The reply should match the listing below character for character, except that no image is carried over.

━━━━

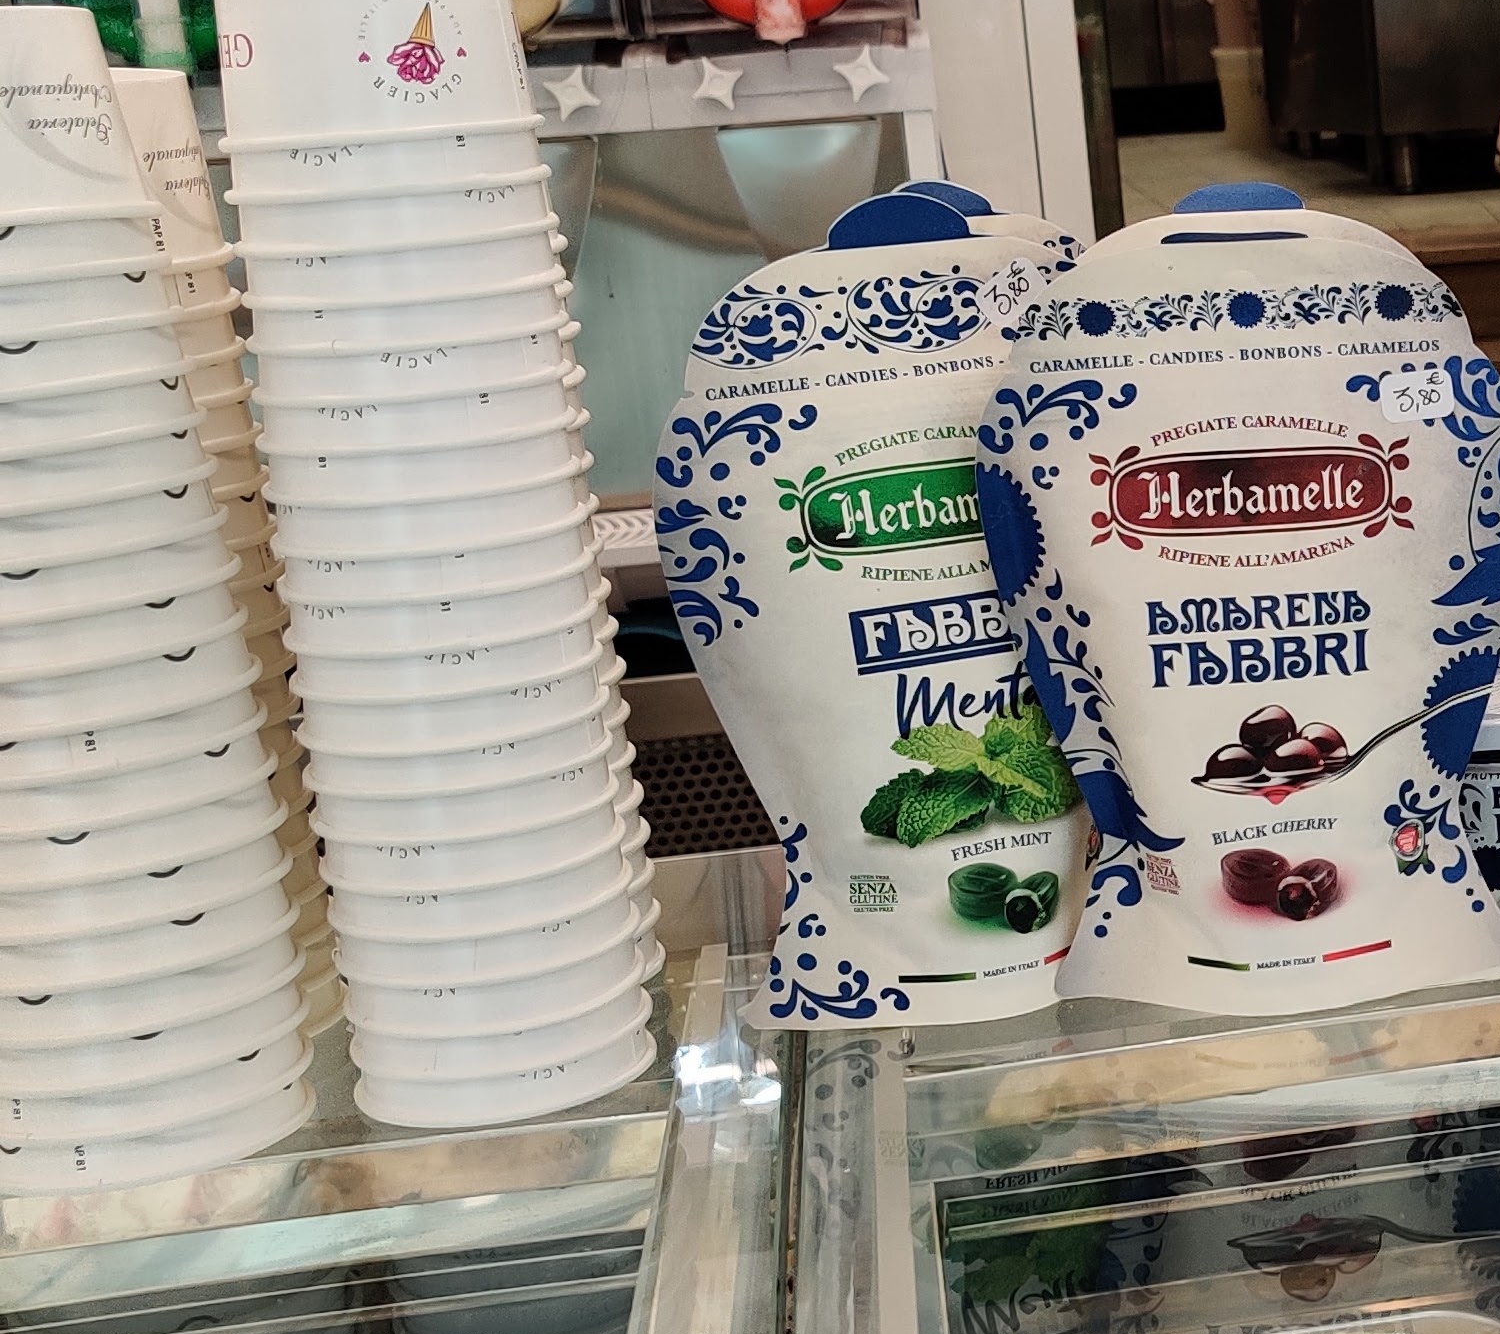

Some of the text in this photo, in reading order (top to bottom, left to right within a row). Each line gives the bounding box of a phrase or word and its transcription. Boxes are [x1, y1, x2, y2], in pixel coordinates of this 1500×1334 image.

[372, 73, 463, 104] GLACIER
[1029, 339, 1441, 374] CARAMELLE CANDIES BONBONS CARAMELOS
[705, 355, 994, 402] CARAMELLE CANDIES BONBONS
[835, 429, 921, 467] PREGIATE
[1150, 415, 1350, 449] PREGIATE CARAMELLE
[1138, 463, 1367, 522] Herbamelle
[1158, 535, 1356, 569] RIPIENE ALL'AMARENA
[861, 565, 935, 582] RIPIENE
[1146, 590, 1372, 636] AMARENA
[1150, 628, 1372, 689] FABBRI
[951, 830, 1053, 862] FRESH MINT
[1211, 816, 1339, 846] BLACK CHERRY
[849, 882, 898, 895] SENZA
[849, 894, 899, 904] GLUTINE

━━━━

* _EXPECTED ANSWER_
Some of the text in this photo, in reading order (top to bottom, left to right within a row). Each line gives the bounding box of a phrase or word and its transcription. Boxes are [x1, y1, x2, y2], in pixel coordinates of this 1500×1334 image.

[372, 73, 463, 104] GLACIER
[1029, 339, 1441, 374] CARAMELLE CANDIES BONBONS CARAMELOS
[705, 355, 994, 402] CARAMELLE CANDIES BONBONS
[835, 429, 921, 467] PREGIATE
[1150, 415, 1350, 449] PREGIATE CARAMELLE
[1138, 463, 1367, 522] Herbamelle
[1158, 535, 1356, 569] RIPIENE ALL'AMARENA
[861, 565, 935, 582] RIPIENE
[1146, 590, 1372, 636] AMARENA
[1150, 628, 1372, 689] FABBRI
[951, 830, 1053, 862] FRESH MINT
[1211, 816, 1339, 846] BLACK CHERRY
[849, 882, 898, 895] SENZA
[849, 894, 899, 904] GLUTINE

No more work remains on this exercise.